• EXERCISE MATERIAL:
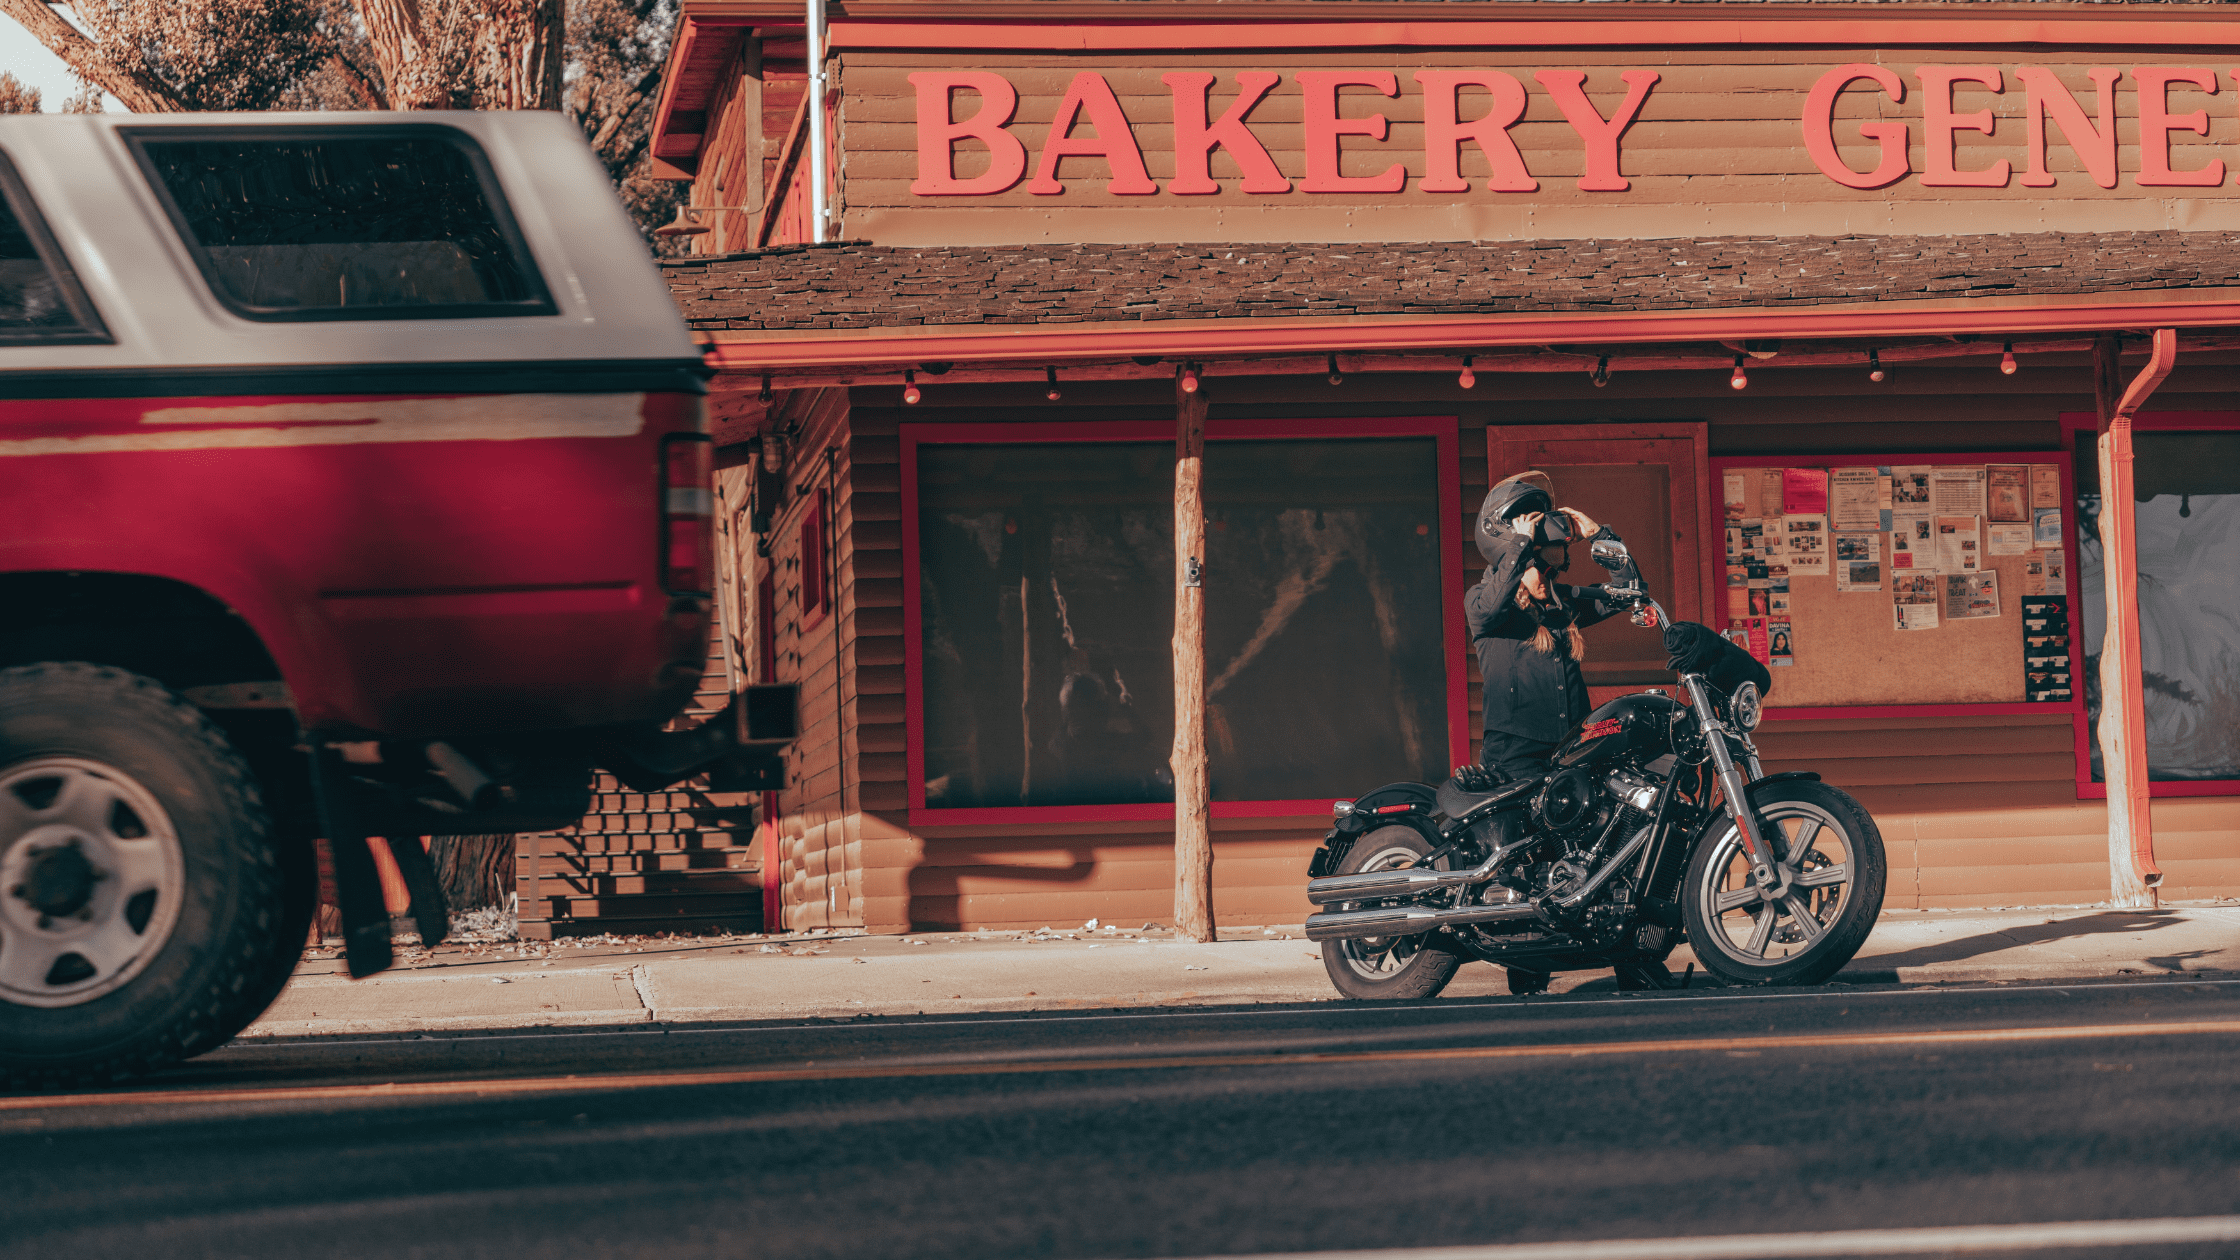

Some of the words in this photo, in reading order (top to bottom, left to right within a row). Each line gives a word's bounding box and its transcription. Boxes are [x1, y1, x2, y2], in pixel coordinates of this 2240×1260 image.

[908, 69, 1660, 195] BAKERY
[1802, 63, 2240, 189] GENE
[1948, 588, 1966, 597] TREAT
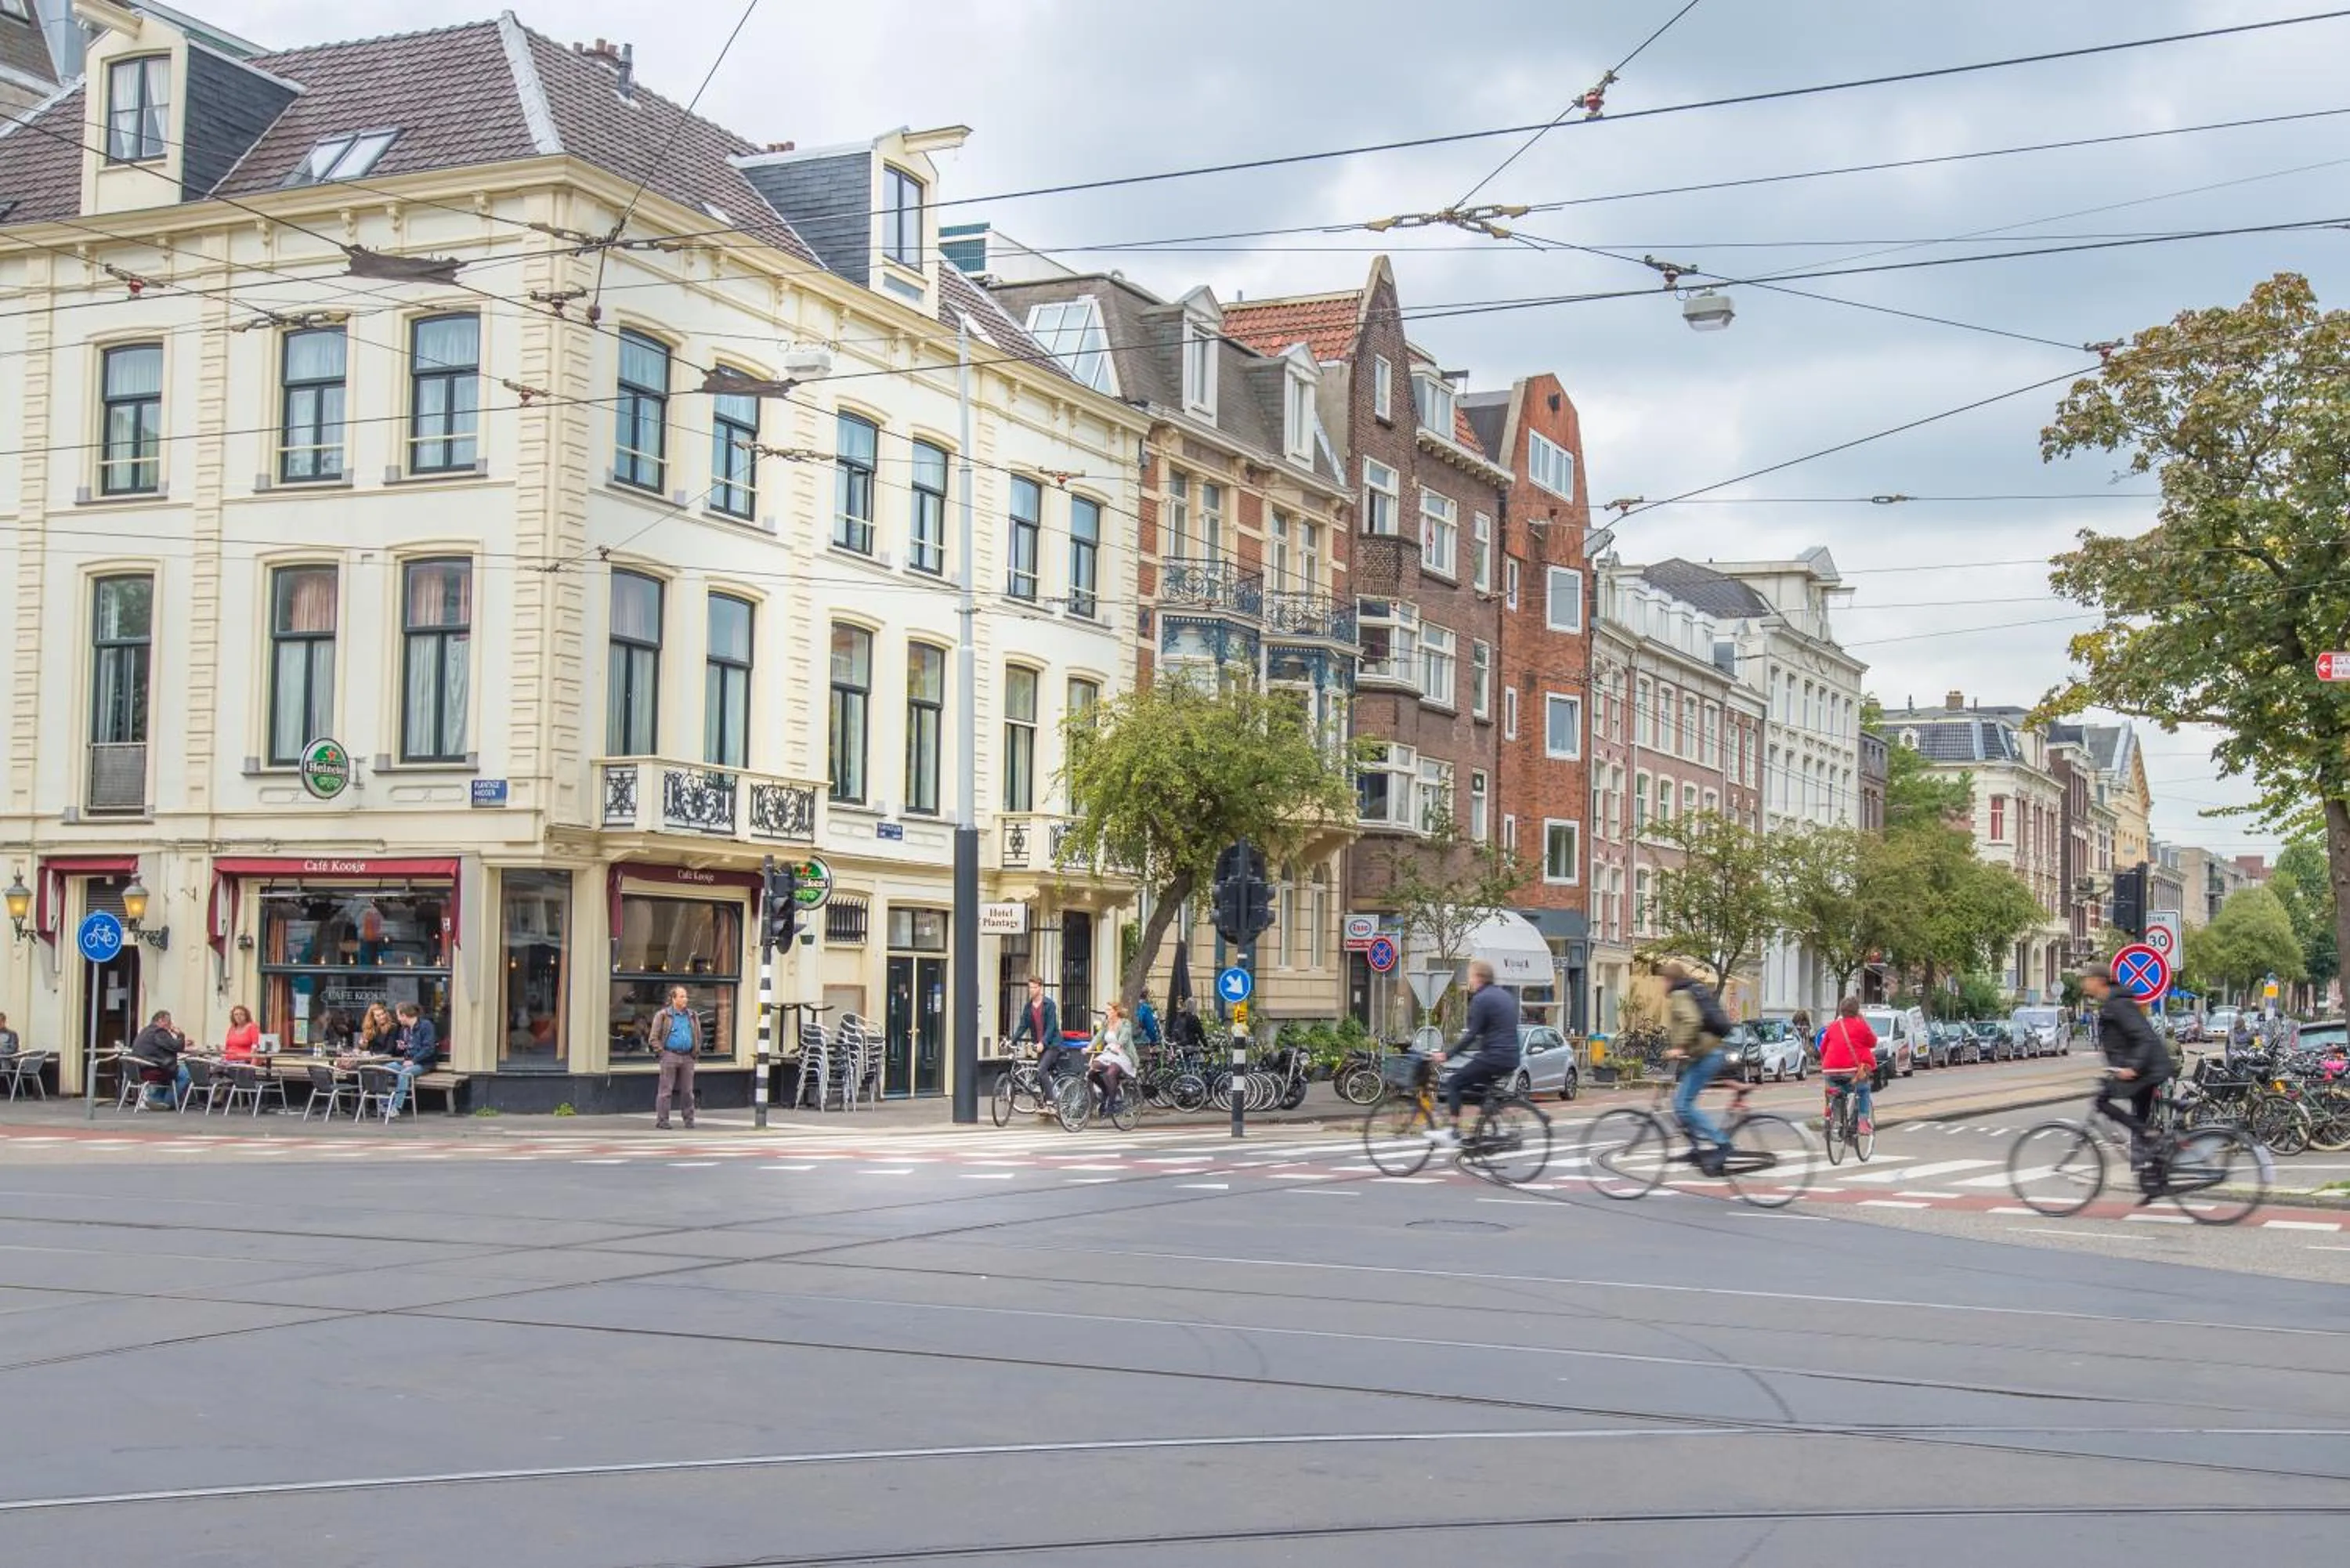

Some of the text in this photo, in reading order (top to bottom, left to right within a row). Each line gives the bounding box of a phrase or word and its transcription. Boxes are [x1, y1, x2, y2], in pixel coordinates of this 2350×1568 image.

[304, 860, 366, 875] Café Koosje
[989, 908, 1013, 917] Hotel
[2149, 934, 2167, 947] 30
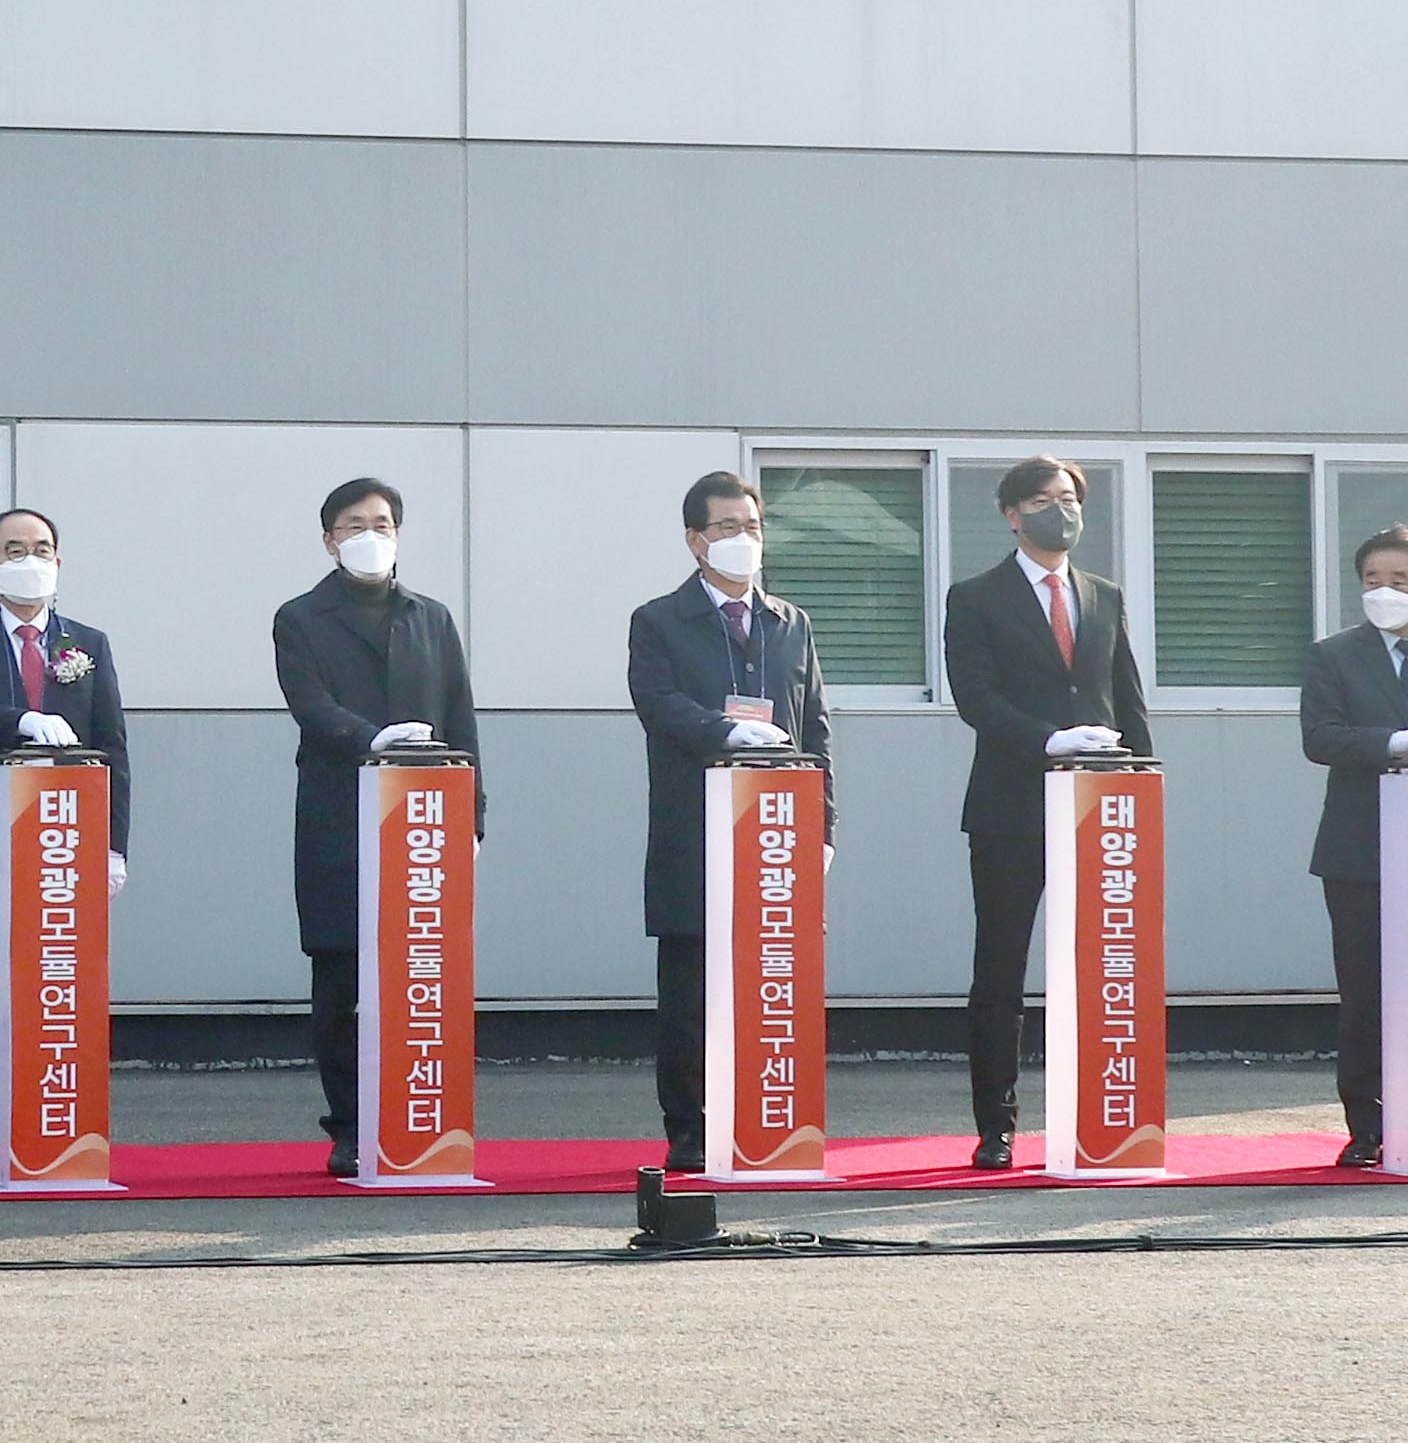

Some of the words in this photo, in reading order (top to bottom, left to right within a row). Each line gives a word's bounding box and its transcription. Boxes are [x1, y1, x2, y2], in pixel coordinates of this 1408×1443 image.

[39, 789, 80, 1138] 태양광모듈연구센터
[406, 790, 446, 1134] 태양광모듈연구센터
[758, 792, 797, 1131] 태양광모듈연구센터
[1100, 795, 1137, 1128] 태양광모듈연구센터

• REQUIREMENT: The result should be the full set of entries above, restated exactly and without images.

• TASK RESULT:
Some of the words in this photo, in reading order (top to bottom, left to right within a row). Each line gives a word's bounding box and its transcription. Boxes are [x1, y1, x2, y2], in pixel coordinates of this 2240×1260 image.

[908, 69, 1660, 195] BAKERY
[1802, 63, 2240, 189] GENE
[1948, 588, 1966, 597] TREAT

Some of the text in this photo, in reading order (top to bottom, left to right within a row). Each line gives the bounding box of a phrase or word and its transcription. Boxes are [x1, y1, x2, y2], in pixel coordinates of this 2350×1568 image.

[304, 860, 366, 875] Café Koosje
[989, 908, 1013, 917] Hotel
[2149, 934, 2167, 947] 30

Some of the words in this photo, in reading order (top to bottom, left to right within a row). Each line gives a word's bounding box and its transcription. Boxes are [x1, y1, x2, y2], in pixel coordinates of this 1408×1443 image.

[39, 789, 80, 1138] 태양광모듈연구센터
[406, 790, 446, 1134] 태양광모듈연구센터
[758, 792, 797, 1131] 태양광모듈연구센터
[1100, 795, 1137, 1128] 태양광모듈연구센터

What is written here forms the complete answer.